Depois de uma semana de deliberações, o júri de 12 membros entregou à juíza federal americana Joan Lenard a decisão sobre a culpa do empresário, constatou um correspondente da AFP.

O julgamento está relacionado ao escândalo causado com a descoberta de uma maleta com 800.000 dólares apreendida pela Algândega de Buenos Aires depois da chegada de um avião proveniente de Caracas em agosto de 2007.

O advogado venezuelano Moisés Maiónica, acusado no "caso da mala", havia afirmado que os US$ 800 mil confiscados em 2007 com o empresário venezuelano-americano Guido Antonini Wilson eram destinados à campanha eleitoral da presidente da Argentina, Cristina Kirchner.
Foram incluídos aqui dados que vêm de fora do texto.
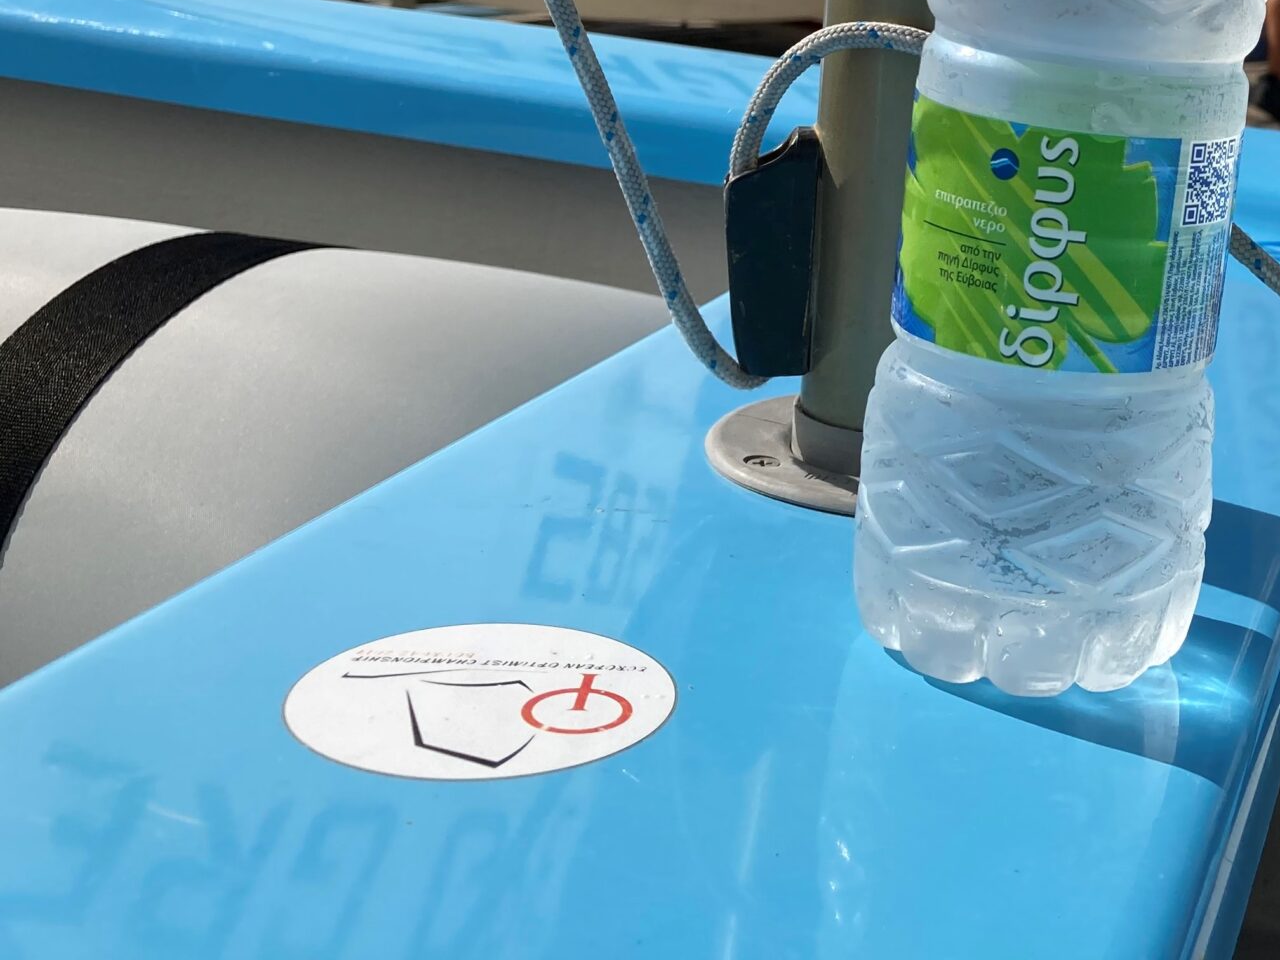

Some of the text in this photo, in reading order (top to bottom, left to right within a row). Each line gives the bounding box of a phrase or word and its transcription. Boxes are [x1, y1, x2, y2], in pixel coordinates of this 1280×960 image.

[972, 217, 1005, 234] νερο
[937, 251, 959, 268] πηγή
[960, 244, 1002, 263] από την
[939, 268, 998, 293] της Εύβοιας
[351, 655, 478, 666] CHAMPIONSHIP
[480, 659, 560, 669] OPTIMIST
Maiónica atuou como testemunha no julgamento do empresário Franklin Durán, acusado de ter atuado como agente do governo venezuelano para ocultar a origem e o destino do dinheiro.

O advogado, que envolveu no caso o presidente de seu país, Hugo Chávez, também contou que a procedência e destino dos US$ 800 mil foi mencionada em uma conversa com Henry Rangel Silva, diretor do Disip, o serviço secreto da Venezuela.